#### EXERCISE AIM:
Give the data again exactly, without images.

##### DATA FOR THIS EXERCISE #####

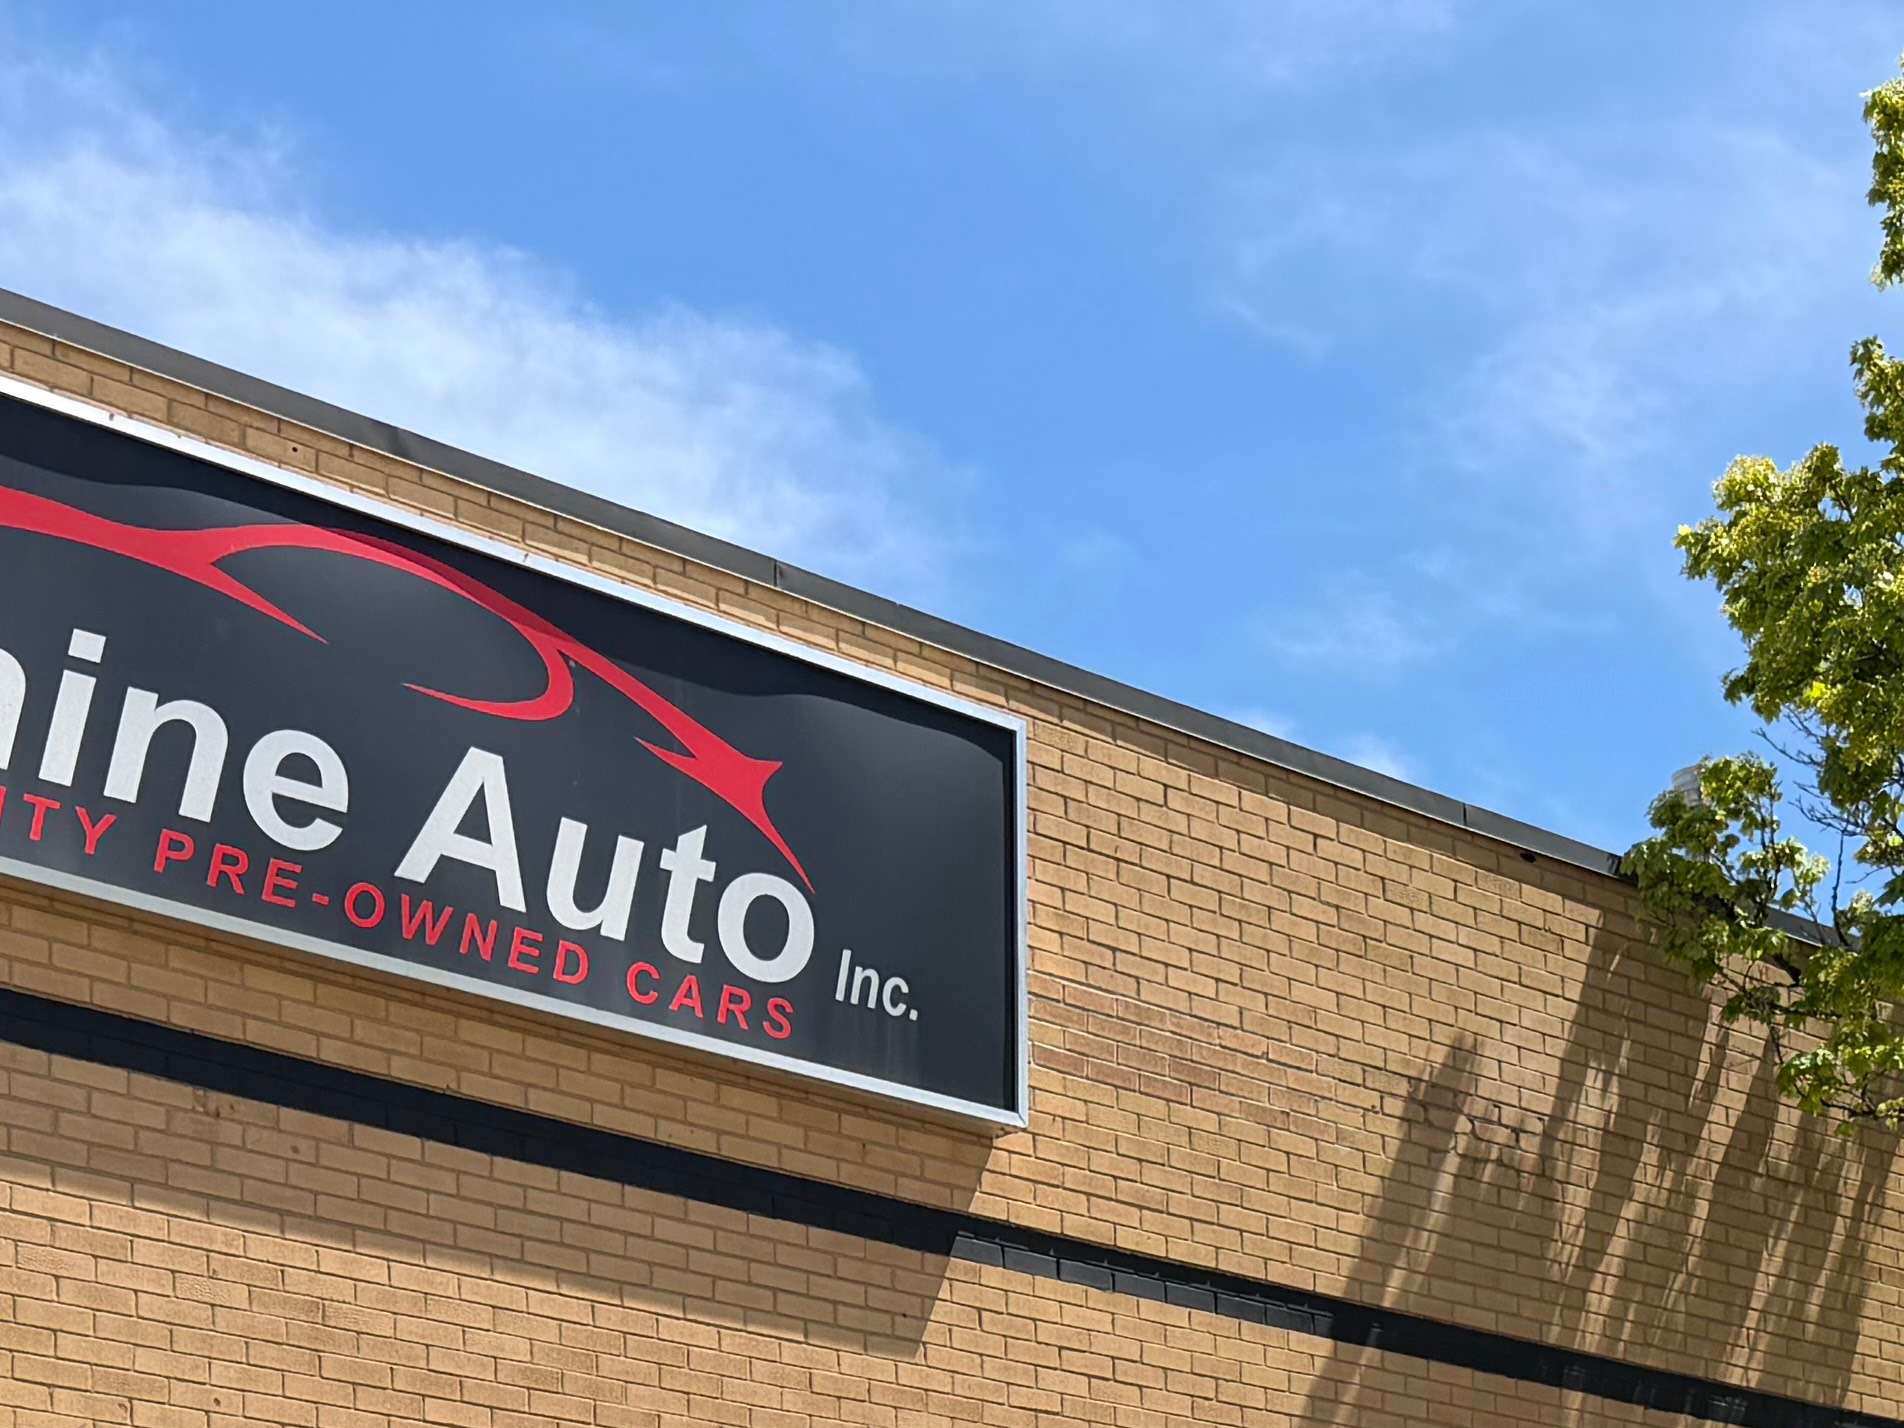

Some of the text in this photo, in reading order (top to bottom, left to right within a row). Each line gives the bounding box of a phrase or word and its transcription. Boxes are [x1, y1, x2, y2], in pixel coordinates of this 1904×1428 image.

[154, 830, 590, 985] PRE-OWNED
[626, 961, 796, 1041] CARS
[393, 745, 815, 984] Auto
[835, 949, 919, 1022] Inc.

#####

#### WORKED SOLUTION:
Some of the text in this photo, in reading order (top to bottom, left to right within a row). Each line gives the bounding box of a phrase or word and its transcription. Boxes are [x1, y1, x2, y2], in pixel coordinates of this 1904×1428 image.

[154, 830, 590, 985] PRE-OWNED
[626, 961, 796, 1041] CARS
[393, 745, 815, 984] Auto
[835, 949, 919, 1022] Inc.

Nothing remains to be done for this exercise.